Field system, Knockaneyouloo, Co. Kerry
Co. Kerry |
Ritual/Ceremonial
Beneath the blanket bog on the ridge between Been Hill and Mount Foley in south Kerry, an entire pre-bog landscape lies waiting to be read.
Peat cutting has gradually peeled back the covering, revealing a system of stone-walled field boundaries that was already ancient when the bog began to form over it. The older walls, built directly on the pre-peat ground surface, stretch across an area of roughly 320 metres north to south and 540 metres east to west, a scale that speaks to something more than casual or temporary land use.
What makes the site particularly legible is the variety of structures the peat has given back. The walls themselves range from neat uprights interspersed with loose stone to broad, turf-covered stony banks, and many of the longer ones run roughly parallel to one another along the east-west slope of the ridge, with shorter cross-walls dividing the ground into defined parcels. Towards the upper, eastern limits of the complex sit two subcircular huts, set about 115 metres apart, each with an average internal diameter of around 5.5 metres. The southern of the two retains a clearly defined entrance formed by two rows of upright slabs. Nearer the centre of the exposed system are two small rectangular structures, averaging roughly 4.7 by 3.8 metres, also built from upright slabs. At the south-western end of the complex stands a carefully constructed circular cairn, just over 5 metres in diameter, its base retained by a ring of upright stones. A cairn in this context is a deliberate mound of stones, which can mark a burial, a boundary, or a significant point in the landscape; its precise purpose here remains open.
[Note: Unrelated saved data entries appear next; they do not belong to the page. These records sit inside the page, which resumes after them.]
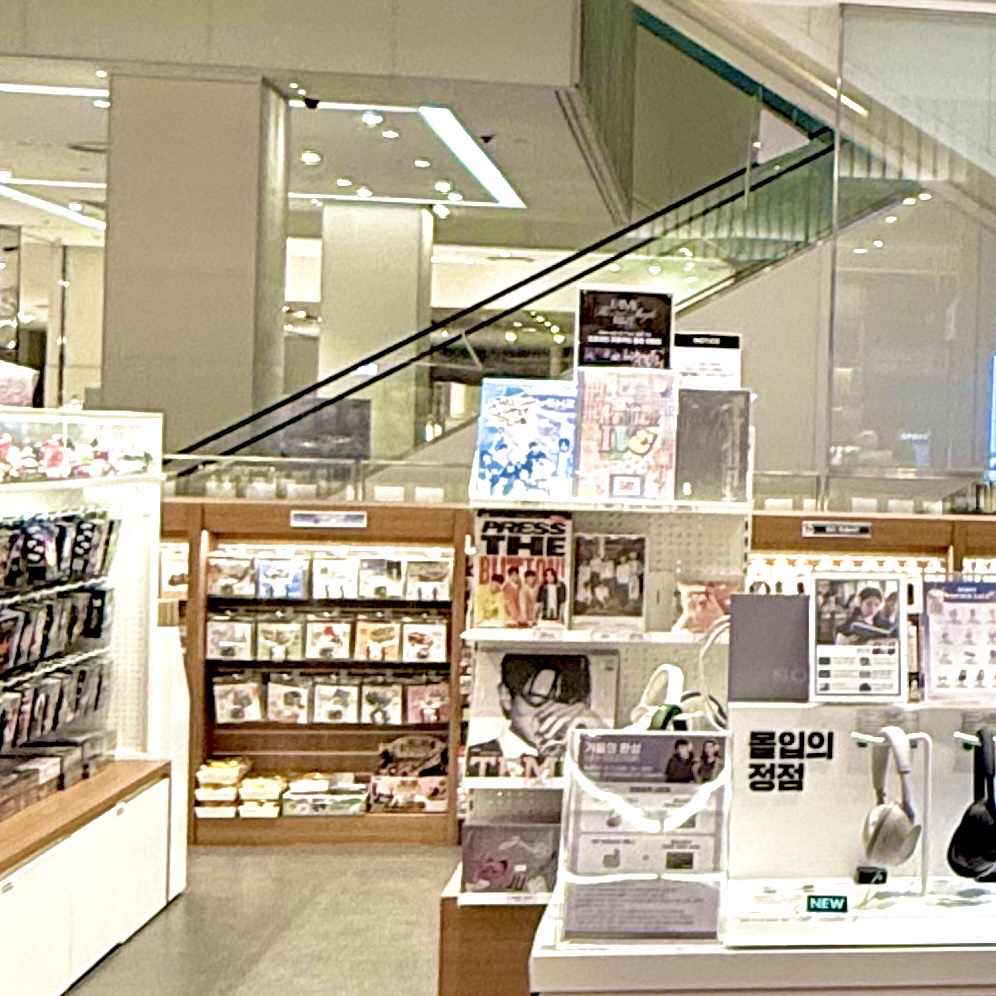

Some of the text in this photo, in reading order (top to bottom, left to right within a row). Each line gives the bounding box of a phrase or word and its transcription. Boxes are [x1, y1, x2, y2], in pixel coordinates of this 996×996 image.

[481, 520, 568, 535] PRESS
[480, 535, 567, 556] THE
[748, 731, 834, 760] 몰입의
[748, 763, 804, 792] 정점
[809, 896, 845, 911] NEW
The site was documented in detail by A. O'Sullivan and J. Sheehan in their 1996 archaeological survey of the Iveragh Peninsula, which remains the foundational reference for pre-bog remains across south Kerry. The peat in this area rarely exceeds 1.25 metres in depth, meaning that active turf cutting continues to expose new sections of the complex, and the picture it presents may yet be more complete than what is currently visible.